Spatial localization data

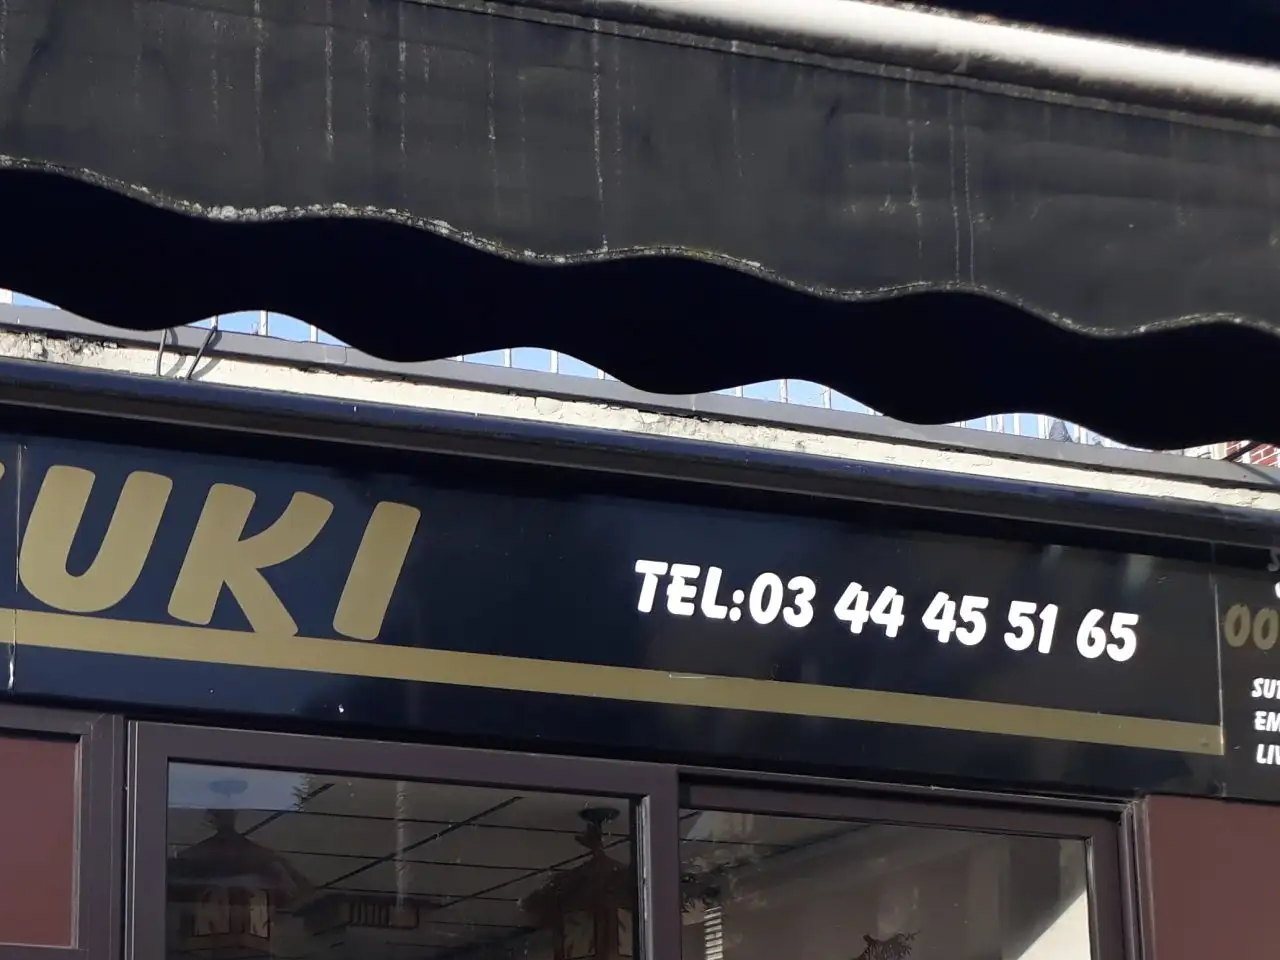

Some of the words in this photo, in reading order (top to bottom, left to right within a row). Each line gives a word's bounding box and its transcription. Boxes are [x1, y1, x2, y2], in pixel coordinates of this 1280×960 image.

[833, 581, 905, 638] 44
[922, 591, 990, 646] 45
[1003, 601, 1059, 654] 51
[1076, 608, 1140, 662] 65
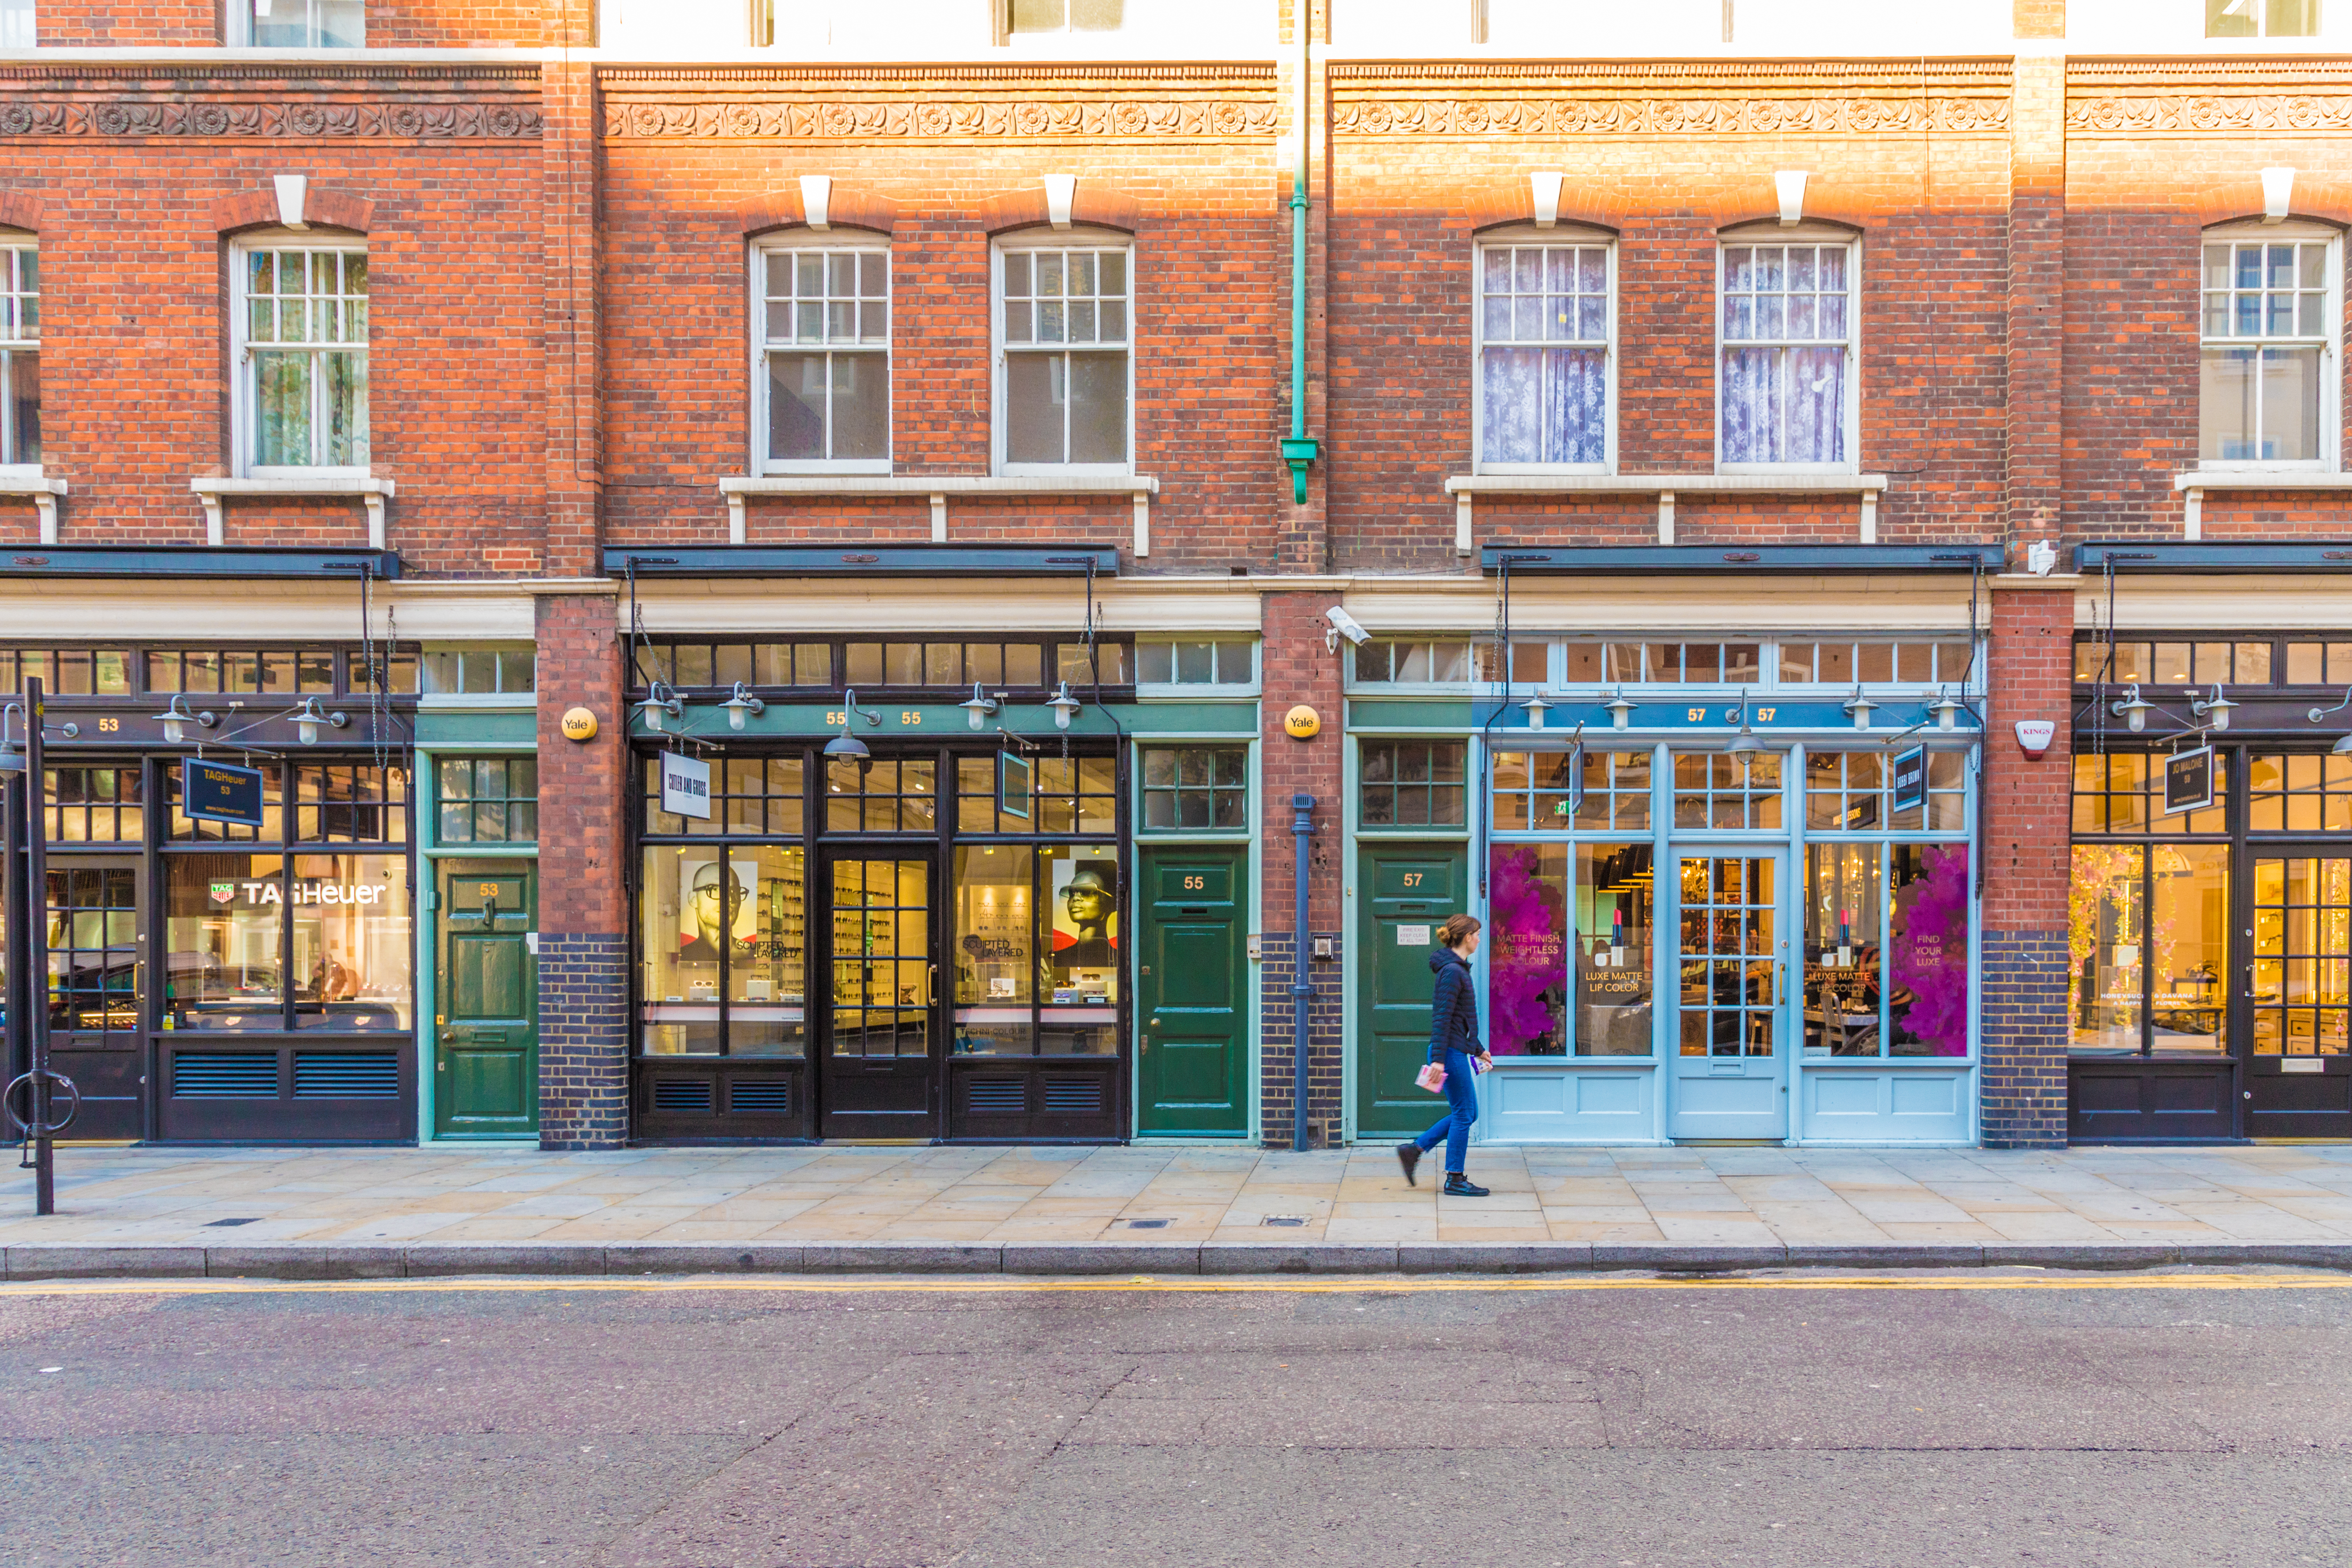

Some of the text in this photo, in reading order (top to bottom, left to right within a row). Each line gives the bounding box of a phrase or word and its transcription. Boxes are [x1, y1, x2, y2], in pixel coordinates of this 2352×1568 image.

[826, 712, 845, 724] 55
[902, 712, 921, 724] 55
[1688, 708, 1706, 721] 57
[1758, 708, 1776, 721] 57
[99, 718, 119, 731] 53
[565, 720, 588, 729] Yale
[1291, 717, 1313, 727] Yale
[2172, 756, 2203, 774] JO MALONE
[669, 773, 683, 792] CUTLER
[693, 779, 706, 797] GROSS
[221, 786, 230, 796] 53
[1184, 876, 1204, 890] 55
[1404, 873, 1423, 886] 57
[480, 883, 498, 896] 53
[213, 892, 232, 900] HEUER
[1530, 934, 1562, 944] FINISH,
[1917, 935, 1939, 943] FIND
[1501, 946, 1558, 954] WEIGHTLESS
[1915, 947, 1941, 955] YOUR
[1917, 958, 1940, 966] LUXE
[1586, 972, 1642, 980] LUXE MATTE
[1813, 972, 1870, 981] LUXE MATTE
[1605, 983, 1638, 992] COLOR
[1833, 984, 1866, 992] COLOR
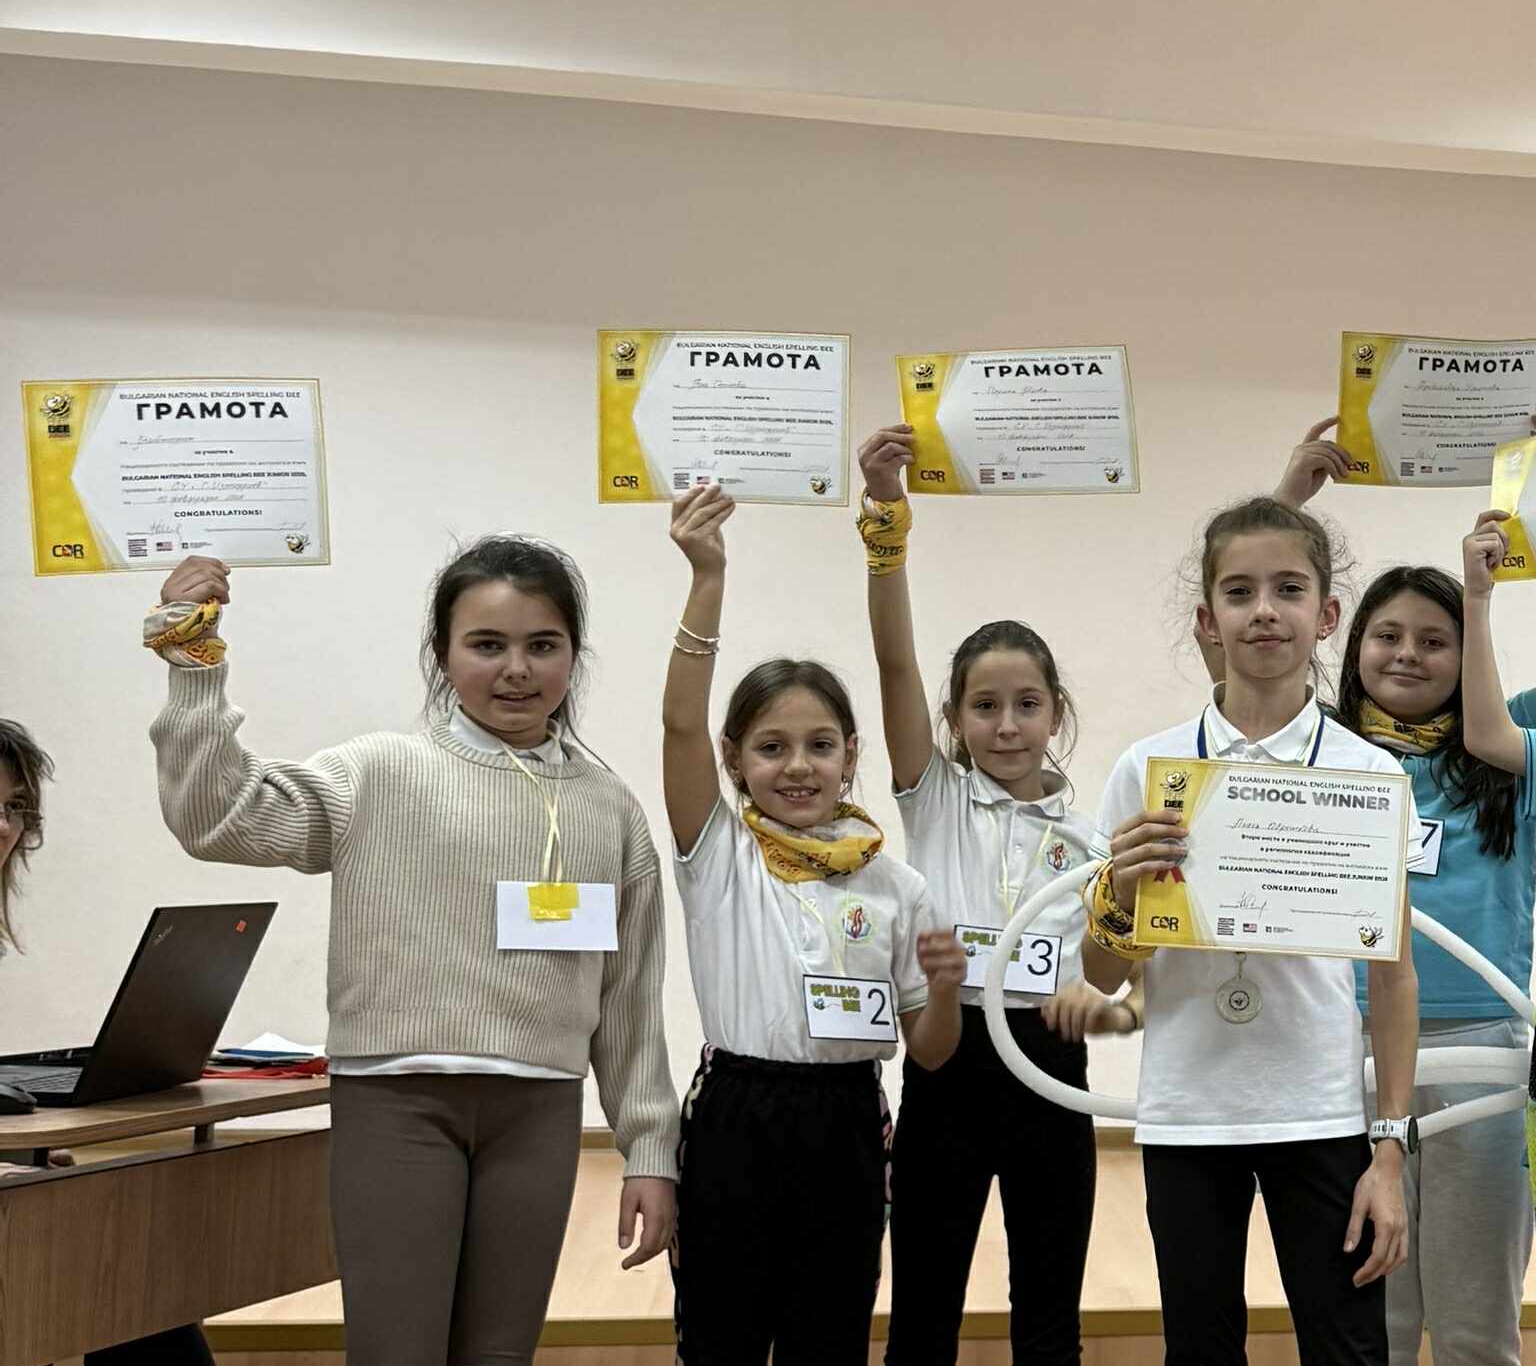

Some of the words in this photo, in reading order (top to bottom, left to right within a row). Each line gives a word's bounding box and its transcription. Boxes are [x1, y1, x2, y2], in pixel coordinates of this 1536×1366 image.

> [What this task involves]:
Reprint the data verbatim, pictures excluded.

> [Solution to this exercise]:
Some of the words in this photo, in reading order (top to bottom, left to right within a row). Each line gives a word's bounding box and its transcription. Boxes are [x1, y1, x2, y2], in pixel coordinates of this 1280×960 image.

[833, 581, 905, 638] 44
[922, 591, 990, 646] 45
[1003, 601, 1059, 654] 51
[1076, 608, 1140, 662] 65

Some of the text in this photo, in reading order (top to bottom, left to right within a row). Each line gives the bounding box of a phrase or word and its transcription. Boxes are [x1, y1, x2, y2], in pixel coordinates of this 2352×1568 image.

[826, 712, 845, 724] 55
[902, 712, 921, 724] 55
[1688, 708, 1706, 721] 57
[1758, 708, 1776, 721] 57
[99, 718, 119, 731] 53
[565, 720, 588, 729] Yale
[1291, 717, 1313, 727] Yale
[2172, 756, 2203, 774] JO MALONE
[669, 773, 683, 792] CUTLER
[693, 779, 706, 797] GROSS
[221, 786, 230, 796] 53
[1184, 876, 1204, 890] 55
[1404, 873, 1423, 886] 57
[480, 883, 498, 896] 53
[213, 892, 232, 900] HEUER
[1530, 934, 1562, 944] FINISH,
[1917, 935, 1939, 943] FIND
[1501, 946, 1558, 954] WEIGHTLESS
[1915, 947, 1941, 955] YOUR
[1917, 958, 1940, 966] LUXE
[1586, 972, 1642, 980] LUXE MATTE
[1813, 972, 1870, 981] LUXE MATTE
[1605, 983, 1638, 992] COLOR
[1833, 984, 1866, 992] COLOR

Some of the words in this photo, in reading order (top to bottom, left to right within a row). Each line gives a word's bounding box and its transcription. Boxes are [x1, y1, x2, y2], in pixel coordinates of this 1536×1366 image.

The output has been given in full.